Why verifying a recruitment agency matters
Illegal recruitment often starts with something that looks ordinary: a job post shared by a friend, a “Japan caregiver” offer in a group chat, a foreign employer interview over Zoom, or a recruiter asking for a reservation fee through GCash.
The danger is that many scams copy the names, logos, and job posts of real agencies. Others use real agencies as bait but redirect applicants to personal accounts, training centers, “visa assistance” offices, or unregistered social media pages.
In Philippine law, overseas recruitment is heavily regulated because a worker may lose money, documents, and even personal safety if deployed through illegal channels. The Department of Migrant Workers was created under Republic Act No. 11641, which consolidated and absorbed POEA-related overseas employment functions and made the DMW the primary agency for protecting the rights and welfare of OFWs. (Supreme Court E-Library)
That is why verification should be treated as a basic safety step, not a formality.
POEA or DMW: which agency should you check now?
Many Filipinos still say “POEA agency” or “POEA job order.” That language is understandable because the Philippine Overseas Employment Administration handled this system for decades.

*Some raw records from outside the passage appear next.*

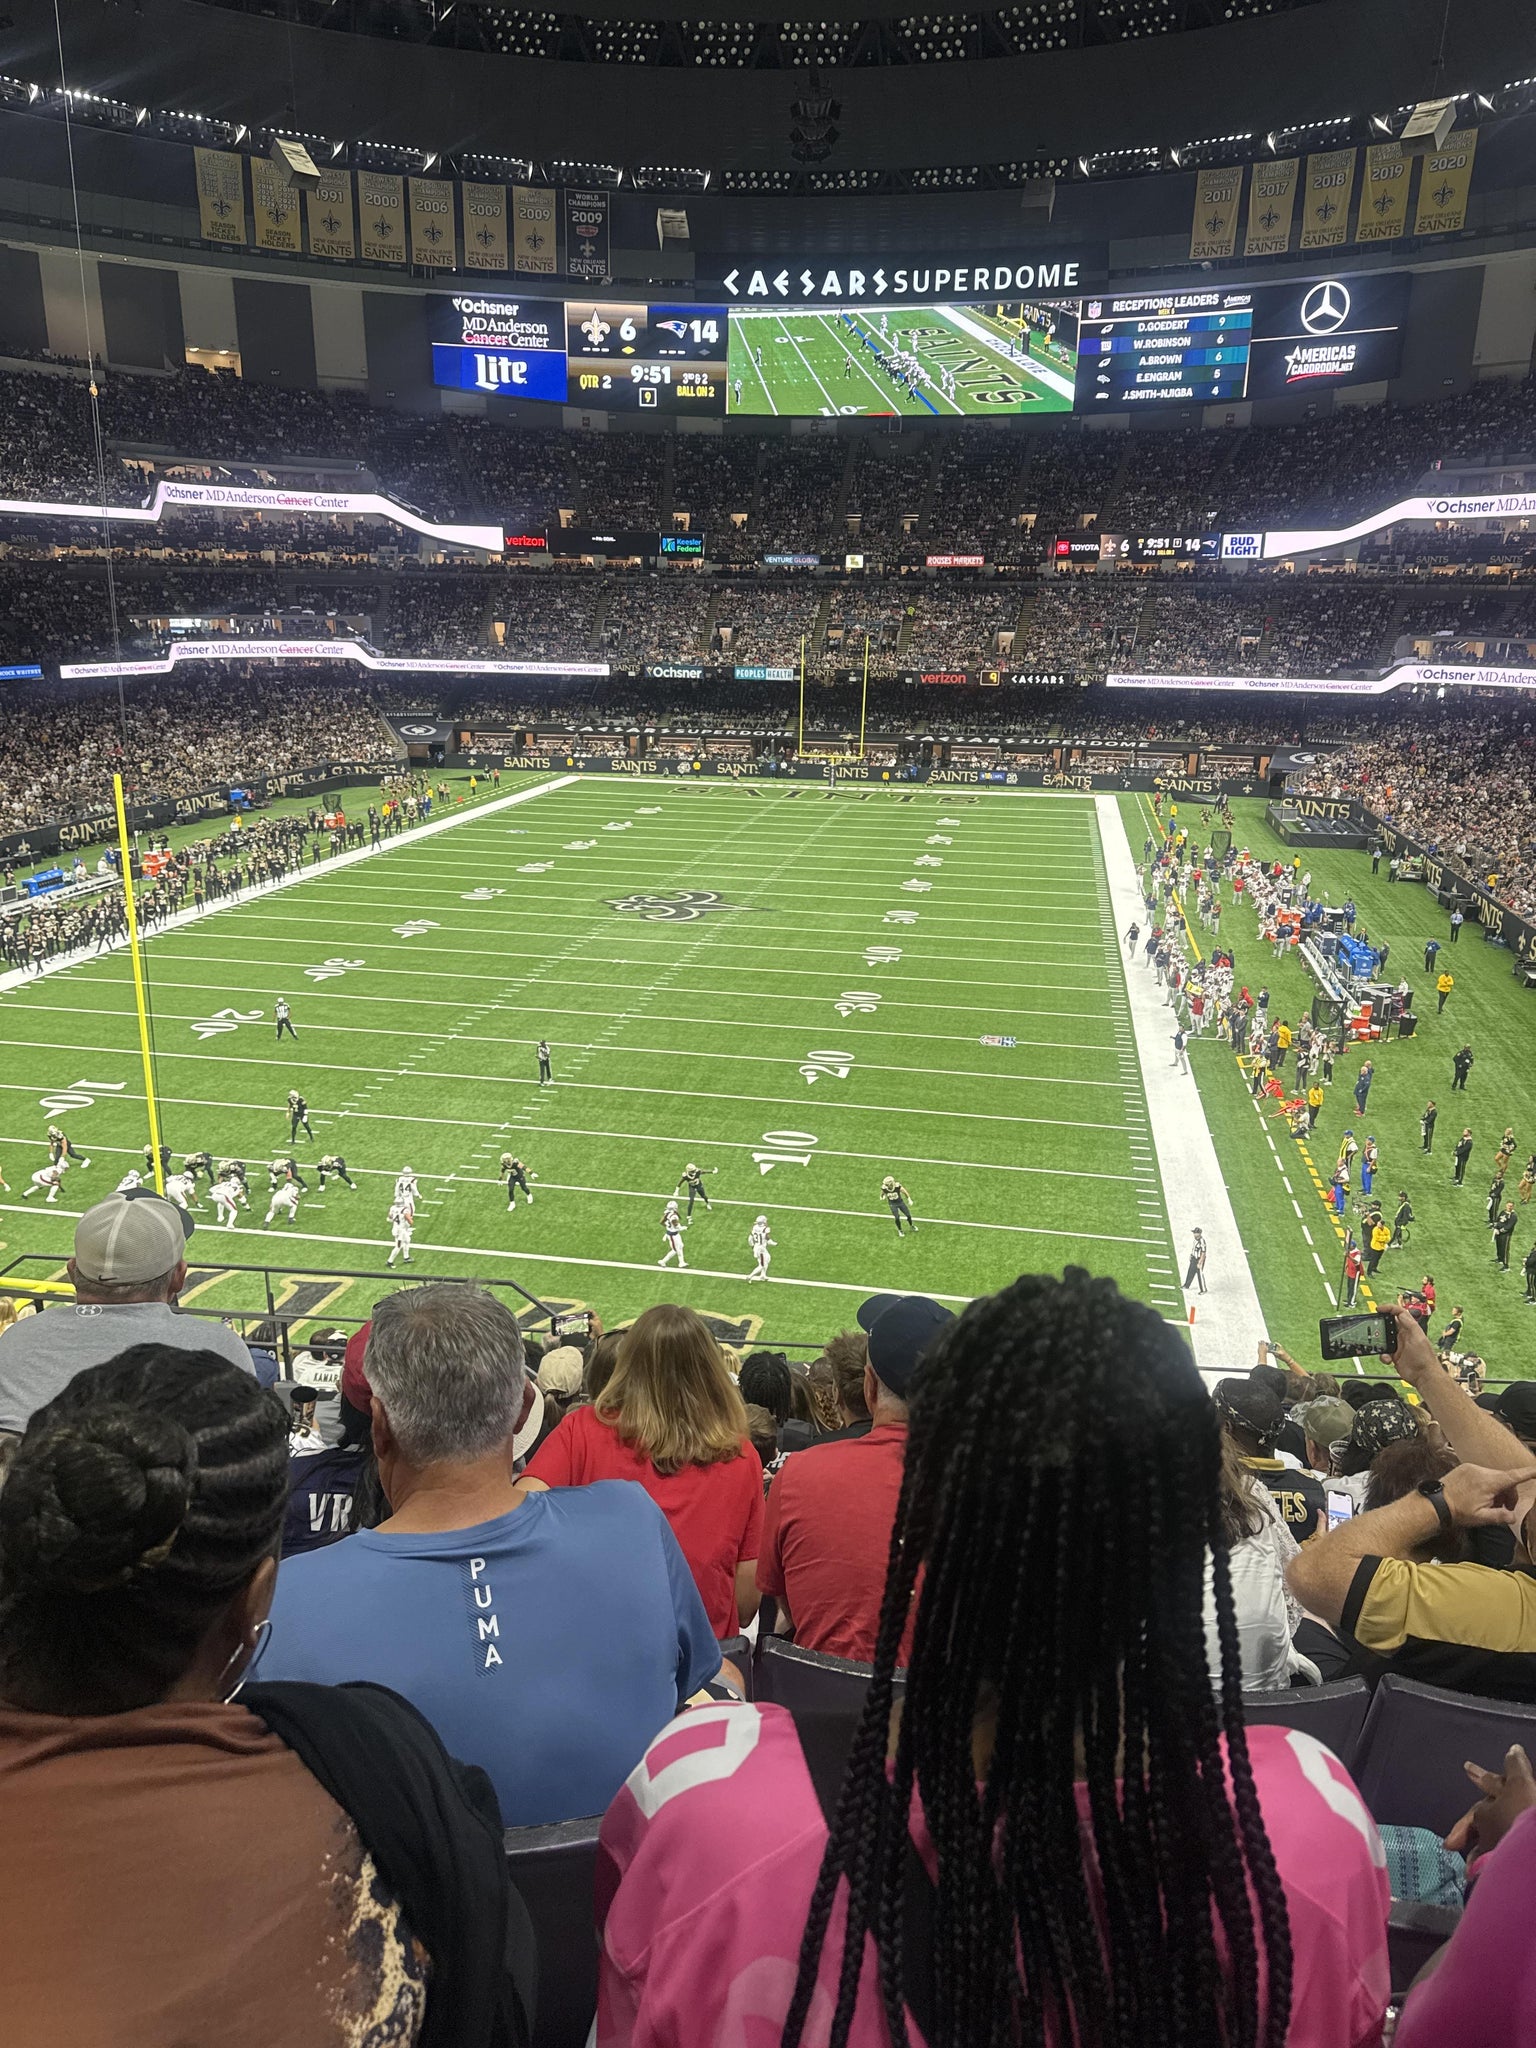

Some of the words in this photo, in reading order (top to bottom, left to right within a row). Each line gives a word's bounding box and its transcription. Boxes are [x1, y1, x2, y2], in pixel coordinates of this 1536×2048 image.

[1429, 155, 1466, 171] 2020
[1371, 165, 1403, 181] 2019
[1313, 173, 1346, 189] 2018
[316, 188, 343, 203] 1991
[1203, 188, 1232, 204] 2011
[1258, 182, 1289, 198] 2017
[365, 193, 398, 208] 2000
[416, 200, 448, 213] 2006
[568, 200, 606, 208] CHAMPIONS
[469, 204, 500, 217] 2009
[519, 207, 550, 220] 2009
[572, 211, 603, 224] 2009
[1418, 217, 1461, 232] SAINTS
[1303, 232, 1343, 246] SAINTS
[1359, 225, 1400, 240] SAINTS
[313, 243, 352, 257] SAINTS
[364, 247, 403, 261] SAINTS
[1193, 245, 1231, 257] SAINTS
[1247, 241, 1286, 254] SAINTS
[416, 254, 453, 265] SAINTS
[468, 257, 505, 269] SAINTS
[517, 260, 554, 272] SAINTS
[570, 264, 606, 274] SAINTS
[723, 268, 897, 296] CAESARS
[894, 263, 1080, 292] SUPERDOME
[461, 299, 519, 316] Ochsner
[1112, 299, 1173, 312] RECEPTIONS
[1174, 294, 1219, 307] LEADERS
[462, 317, 486, 331] MD
[487, 318, 548, 334] Anderson
[619, 318, 636, 341] 6
[1138, 320, 1189, 332] D.GOEDERT
[1219, 317, 1226, 327] 9
[689, 320, 719, 343] 14
[462, 330, 507, 346] Cancer
[508, 333, 549, 348] Center
[1133, 337, 1191, 349] W.ROBINSON
[1217, 335, 1224, 344] 6
[1139, 355, 1182, 366] A.BROWN
[1215, 352, 1222, 361] 6
[1288, 345, 1356, 366] AMERICAS
[474, 353, 527, 391] Lite
[630, 364, 671, 383] 9:51
[1292, 361, 1354, 375] CARDROOM.NET
[579, 374, 599, 389] QTR
[602, 375, 612, 389] 2
[702, 374, 708, 385] 2
[1136, 371, 1182, 383] E.ENGRAM
[1214, 369, 1221, 379] 5
[644, 391, 651, 402] 9
[676, 385, 696, 397] BALL
[697, 386, 708, 397] ON
[708, 386, 715, 397] 2
[1122, 388, 1193, 400] J.SMITH-NJIGBA
[1211, 386, 1219, 396] 4
[166, 485, 203, 501] Ochsner
[205, 488, 225, 501] MD
[225, 490, 276, 505] Anderson
[277, 494, 313, 507] Cancer
[314, 495, 349, 508] Center
[1436, 499, 1495, 514] Ochsner
[1496, 498, 1519, 511] MD
[11, 534, 39, 543] SAINTS
[71, 536, 98, 545] SAINTS
[134, 539, 164, 548] SAINTS
[505, 535, 545, 547] verizon
[676, 537, 702, 547] Keesler
[1120, 539, 1129, 551] 6
[1146, 538, 1169, 548] 9:51
[1185, 538, 1201, 551] 14
[1230, 536, 1254, 546] BUD
[198, 541, 227, 550] SAINTS
[263, 543, 293, 552] SAINTS
[327, 545, 356, 554] SAINTS
[676, 545, 701, 553] Federal
[1070, 543, 1099, 551] TOYOTA
[1225, 545, 1259, 556] LIGHT
[728, 555, 756, 563] SAINTS
[927, 556, 952, 565] ROUSES
[953, 556, 983, 565] MARKETS
[1416, 556, 1449, 564] SAINTS
[1489, 555, 1523, 564] SAINTS
[212, 645, 230, 655] MD
[230, 644, 278, 655] Anderson
[279, 643, 313, 654] Cancer
[314, 644, 344, 655] Center
[74, 667, 99, 675] Ochsner
[613, 664, 640, 672] SAINTS
[653, 666, 702, 679] Ochsner
[736, 668, 765, 678] PEOPLES
[767, 669, 793, 679] HEALTH
[807, 669, 835, 678] SAINTS
[870, 670, 898, 679] SAINTS
[920, 673, 966, 684] verizon
[989, 673, 997, 683] 9
[1011, 675, 1065, 685] CAESARS
[1074, 673, 1105, 682] SAINTS
[1117, 676, 1146, 685] Ochsner
[1423, 669, 1476, 681] Ochsner
[1477, 671, 1497, 681] MD
[1497, 672, 1536, 685] Anders
[1249, 680, 1280, 688] Ochsner
[565, 725, 670, 734] CAESARS
[672, 728, 795, 738] SUPERDOME
[905, 735, 1014, 744] CAESARS
[1018, 737, 1151, 749] SUPERDOME
[503, 757, 550, 769] SAINTS
[611, 759, 657, 772] SAINTS
[823, 766, 869, 779] SAINTS
[930, 769, 978, 783] SAINTS
[1159, 778, 1212, 792] SAINTS
[1281, 798, 1350, 820] SAINTS
[59, 814, 118, 842] SAINTS
[882, 910, 920, 925] 50
[862, 946, 903, 964] 40
[304, 958, 365, 977] 30
[834, 991, 882, 1013] 30
[190, 1008, 264, 1032] 20
[799, 1050, 855, 1080] 20
[39, 1079, 127, 1110] 10
[752, 1130, 818, 1167] 10
[399, 1183, 412, 1193] 44
[753, 1232, 763, 1245] 31
[313, 1372, 340, 1383] KAMAR
[470, 1557, 503, 1668] PUMA

Today, however, the government office to check is the Department of Migrant Workers (DMW). Under the DMW Act and its implementing rules, POEA and several other offices were consolidated into the DMW, and the Department absorbed POEA’s powers, functions, and mandate over overseas employment regulation. (Supreme Court E-Library)
In practical terms:
| What people commonly say | Current practical meaning |
|---|---|
| “POEA-licensed agency” | DMW-licensed recruitment or manning agency |
| “POEA job order” | DMW-approved job order |
| “POLO verification” | Verification now handled through Migrant Workers Offices (MWOs) abroad, depending on the country and process |
| “POEA online services” | DMW online services and portals, including e-Registration and helpdesk functions (DMW Online Services) |
Old POEA links, forms, or archives may still appear online, but for actual checking, use the official DMW website and DMW online services.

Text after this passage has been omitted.